Sobre a relação entre escravismo e fascismo, é o seguinte registro do psicanalista Tales Ab'Sáber, na sua obra "O soldado antropofágico: escravidão e não-pensamento no Brasil": "Nossos grosseiros e tão comuns cidadãos que atacam a base acordada fundamental da cidadania moderna, que recusam felizes os direitos humanos universais, sempre com evidente prazer sádico do direito local de contradizer uma lei geral mais ampla, deveriam ser chamados abertamente de ✅neoescravistas brasileiros - e não genericamente ✅fascistas como costumamos chamar - se não forem os constantes ✅escravistas reais brasileiros, fundo autoritário extremo e interessado de egoísmo antissocial que os sustenta e que eles representam".

1 - Arquivo pessoal - Arquivo pessoal 2 - Justiça Federal - RJ/Reprodução - Justiça Federal - RJ/Reprodução A juíza federal Adriana Cruz

💥️Há vários nomes de mulheres negras que, atuantes no Direito, poderiam ser indicadas. Separei três: Adriana Alves dos Santos Cruz (juíza federal), Flávia Martins de Carvalho (juíza estadual) e Vera Lúcia Araújo (advogada e jurista). São mulheres notabilíssimas (para quem consegue ver notabilidade em subjetividades que não sejam a do tradicional homem branco, cavalheiro nobre defensor do feudo) com densa vivência empírica e teórica, com admirável passado relacionado à luta por ética na aplicação da Justiça neste país, pessoas que compreendem bem o que é defender os valores democráticos constitucionais e o imenso problema que é não haver uma democracia verdadeira no país.

Se a questão ética (porque só ela pode resolver o problema da desigualdade socioeconômica deste país) é importante para este governo do presidente Luiz Inácio Lula da Silva, então chega de esperarmos o futuro, chega de procrastinar as mudanças estruturais inclusive no poder judiciário. Contra o fascismo, contra o pensamento fascista que ganhou ainda mais espaço no judiciário, é preciso dobrar as apostas nas soluções progressistas e maduras, é preciso avançar e afastar o medo que leva as pessoas à falsa acolhida deste novo fascismo.

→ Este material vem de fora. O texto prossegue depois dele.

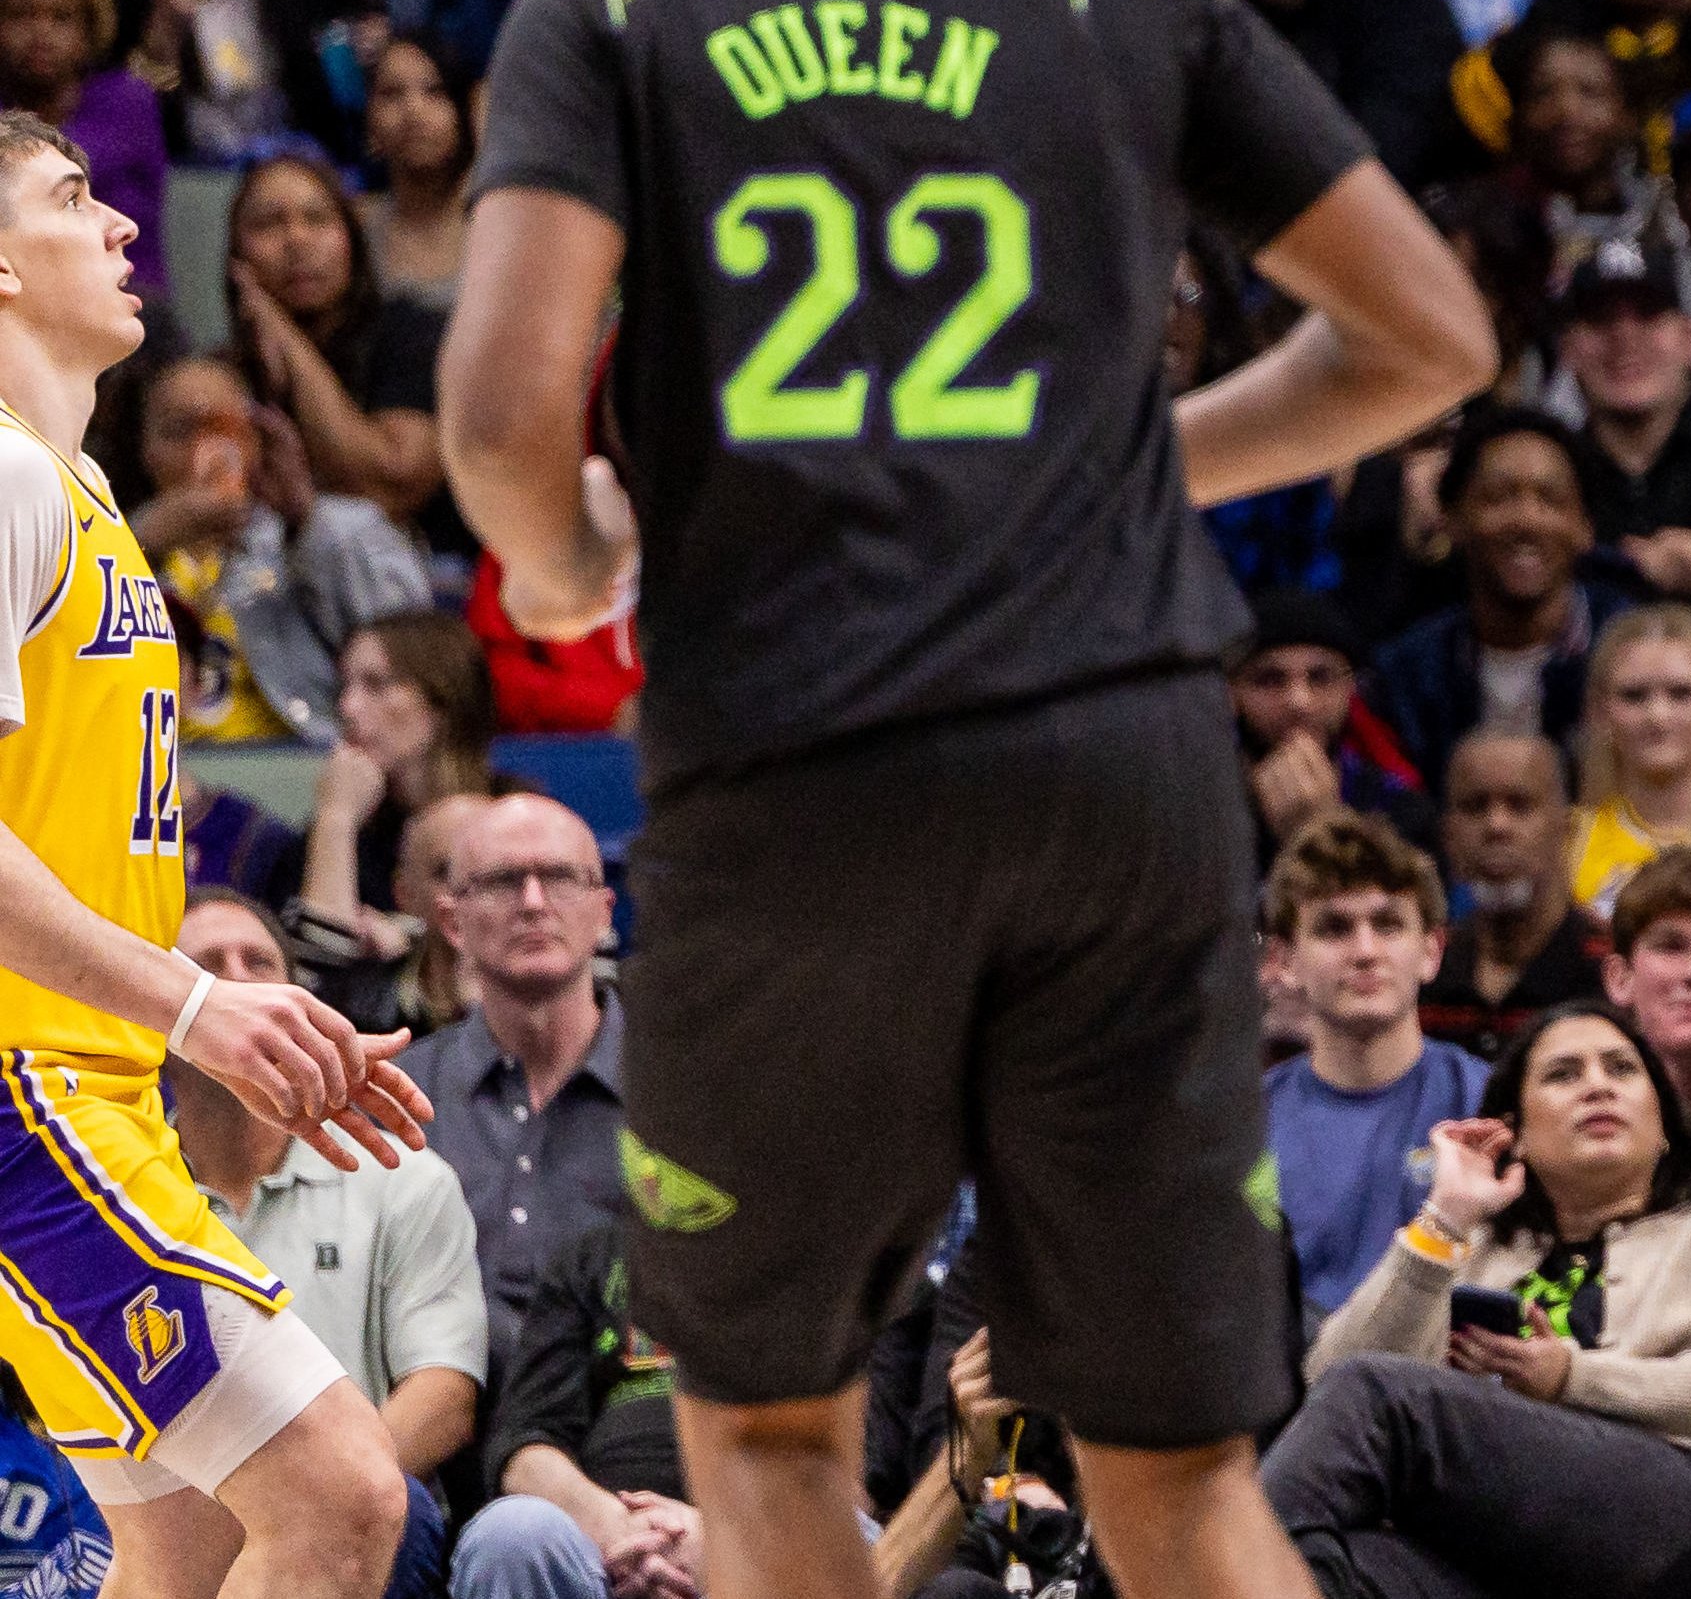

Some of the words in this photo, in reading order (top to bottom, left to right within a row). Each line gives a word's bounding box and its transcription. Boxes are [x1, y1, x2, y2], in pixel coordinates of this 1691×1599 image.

💥️Duvido que qualquer um dos nomes que citei titubearia em defender a Constituição Federal de 1988 nas situações em que o Supremo Tribunal Federal, como colegiado, vacilou, acovardou-se ou, simplesmente (o que seria mais grave) se dobrou à lógica neofascista que, por inúmeros motivos, ganhou as ruas a partir de 2013.

Por fim, um dos méritos da Constituição Federal de 1988 é que ela, mal ou bem, é a carta que renova um pacto, um projeto ético liberal (nunca pretendido para esta terra) e, dentro de todas as armadilhas dos pactos de elite, do liberalismo clássico, das ilusões do capitalismo e do Direito, fixa, no plano político, a dignidade da pessoa humana como um valor fundamental - um marco que precisa de um Supremo Tribunal Federal o mais corajoso e o mais ético possível, um Supremo Tribunal Federal que afaste o Estado brasileiro deste lugar de zeladoria de uma elite que não hesitará em abraçar o fascismo e a milicianização inerente ao fascismo para poder continuar ganhando, sugando, saqueando, usurpando esta terra, esta população, como invasora eterna que é, e que afirme um país que possa se colocar de maneira soberana diante do desafio de nossa colonialidade a impedir que O Estado brasileiro alcance a verdadeira democracia. O futuro é agora.